As part of its ongoing research, Kaspersky explores the possibility of data poisoning and adversarial attacks through the use of AI.
“An adversarial attack involves making small changes to an object to misclassify them according to the machine learning model,” Hia explained.
He further noted that while real-world adversarial attacks are not yet widespread, they can be part of targeted attacks by highly skilled data scientists, requiring significant effort. However, these attacks are highly profitable as they can be used to create new strains of malware.
The deciding factor on whether generative AI is good or bad lies in the rules and moral standards followed by adversaries and security practitioners.
According to Morris, adversaries do not adhere to rules and can use AI however they please. On the other hand, defenders have specific rules to follow, especially in critical infrastructure environments.
Defenders aim to ensure the safety of people within these environments and maintain reliable operations. They face added constraints due to regulatory compliance, which establishes standards. Adversaries, in contrast, can utilize AI for perpetuating attacks, leveraging its capabilities and processing power in the most effective ways.
Using AI to counter AI
Hia warns that once machine learning algorithms are introduced into the real world, various types of attacks can manipulate them, leading to deliberate errors and significant damage. For example, misidentified Trojans can infect millions of devices, resulting in substantial losses for individuals and organizations.

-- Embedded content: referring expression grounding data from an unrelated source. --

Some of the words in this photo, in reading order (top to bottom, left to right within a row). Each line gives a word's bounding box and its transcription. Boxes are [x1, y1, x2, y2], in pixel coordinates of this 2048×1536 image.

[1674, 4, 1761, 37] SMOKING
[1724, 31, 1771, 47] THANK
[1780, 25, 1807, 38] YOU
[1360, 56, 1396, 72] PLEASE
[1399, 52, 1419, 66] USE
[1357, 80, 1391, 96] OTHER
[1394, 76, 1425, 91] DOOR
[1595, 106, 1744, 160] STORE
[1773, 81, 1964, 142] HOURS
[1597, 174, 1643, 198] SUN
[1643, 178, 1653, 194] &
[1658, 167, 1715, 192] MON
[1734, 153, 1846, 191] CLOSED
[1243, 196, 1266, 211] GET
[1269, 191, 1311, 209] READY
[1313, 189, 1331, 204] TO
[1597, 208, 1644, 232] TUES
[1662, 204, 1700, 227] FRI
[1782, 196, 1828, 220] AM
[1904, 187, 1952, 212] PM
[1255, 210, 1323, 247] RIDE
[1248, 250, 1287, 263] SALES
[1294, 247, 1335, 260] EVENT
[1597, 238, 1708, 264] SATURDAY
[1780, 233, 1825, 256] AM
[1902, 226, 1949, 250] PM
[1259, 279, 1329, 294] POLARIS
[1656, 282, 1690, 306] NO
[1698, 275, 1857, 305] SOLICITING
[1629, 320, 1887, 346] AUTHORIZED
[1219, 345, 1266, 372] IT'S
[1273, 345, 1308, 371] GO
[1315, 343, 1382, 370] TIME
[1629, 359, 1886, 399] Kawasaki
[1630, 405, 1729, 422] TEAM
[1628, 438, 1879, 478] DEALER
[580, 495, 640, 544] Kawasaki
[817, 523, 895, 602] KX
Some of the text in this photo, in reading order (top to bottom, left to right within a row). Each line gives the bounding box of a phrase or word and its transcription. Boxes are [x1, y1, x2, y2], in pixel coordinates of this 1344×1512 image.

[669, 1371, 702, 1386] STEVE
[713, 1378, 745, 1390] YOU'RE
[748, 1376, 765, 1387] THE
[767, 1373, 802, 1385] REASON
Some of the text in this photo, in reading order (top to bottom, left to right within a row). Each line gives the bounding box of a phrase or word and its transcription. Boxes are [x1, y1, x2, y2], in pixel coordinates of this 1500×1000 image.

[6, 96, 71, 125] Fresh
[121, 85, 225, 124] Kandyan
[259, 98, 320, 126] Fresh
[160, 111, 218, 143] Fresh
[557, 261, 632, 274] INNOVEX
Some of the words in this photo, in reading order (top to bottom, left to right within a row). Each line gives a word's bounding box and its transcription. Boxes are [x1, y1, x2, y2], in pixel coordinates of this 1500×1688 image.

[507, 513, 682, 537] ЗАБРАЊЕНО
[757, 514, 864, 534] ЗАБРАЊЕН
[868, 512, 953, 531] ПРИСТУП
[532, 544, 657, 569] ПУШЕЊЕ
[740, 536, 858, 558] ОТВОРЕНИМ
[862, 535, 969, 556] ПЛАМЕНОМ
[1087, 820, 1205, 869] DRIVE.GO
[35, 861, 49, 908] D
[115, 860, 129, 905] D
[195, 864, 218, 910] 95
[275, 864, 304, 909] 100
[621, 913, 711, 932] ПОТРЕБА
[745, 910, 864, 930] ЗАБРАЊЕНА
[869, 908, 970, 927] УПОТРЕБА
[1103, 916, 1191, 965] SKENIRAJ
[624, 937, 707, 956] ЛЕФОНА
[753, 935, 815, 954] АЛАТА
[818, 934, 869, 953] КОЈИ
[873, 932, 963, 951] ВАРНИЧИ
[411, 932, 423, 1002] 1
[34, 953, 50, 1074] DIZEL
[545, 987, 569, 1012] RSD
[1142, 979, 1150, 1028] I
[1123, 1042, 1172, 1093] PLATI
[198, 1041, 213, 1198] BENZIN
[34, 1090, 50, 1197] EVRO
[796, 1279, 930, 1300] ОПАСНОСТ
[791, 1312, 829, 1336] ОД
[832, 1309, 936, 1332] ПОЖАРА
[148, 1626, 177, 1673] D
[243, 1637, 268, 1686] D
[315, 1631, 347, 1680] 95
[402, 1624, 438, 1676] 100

Kaspersky advises security vendors to view ML methods as part of a multi-layered security approach that combines technology and human expertise for successful implementation. Hia suggests that ML/AI-specific security audits and red-teaming should be essential components of ML/AI development. It is crucial to have a clear understanding of the reliance on third-party data and architectures since attacks often exploit third-party inputs.
Hia believes that most core business processes will eventually rely on AI, making AI-enabled responses necessary to supplement human intelligence and strengthen cyber defenses.
“A multi-layered approach should be employed,” he said.
Morris poses the question of whether one would use AI to counter the use of AI in cybersecurity.
“For now, it is essential to establish a strong foundation and ensure preparedness upfront,” Morris said.
He emphasizes that organizations have the capacity to identify their most critical assets, and prevention remains a major component of cybersecurity.
“It is important to implement operational safeguards and various measures to support cybersecurity defenses,” he said. “Organizations should focus on upfront preparedness, conduct testing on instant response plans, and be ready to execute them efficiently. Adversaries will continue to leverage AI technology, so it is crucial to engineering out as much risk as possible by implementing monitoring and detection systems and having a solid response mechanism in place.”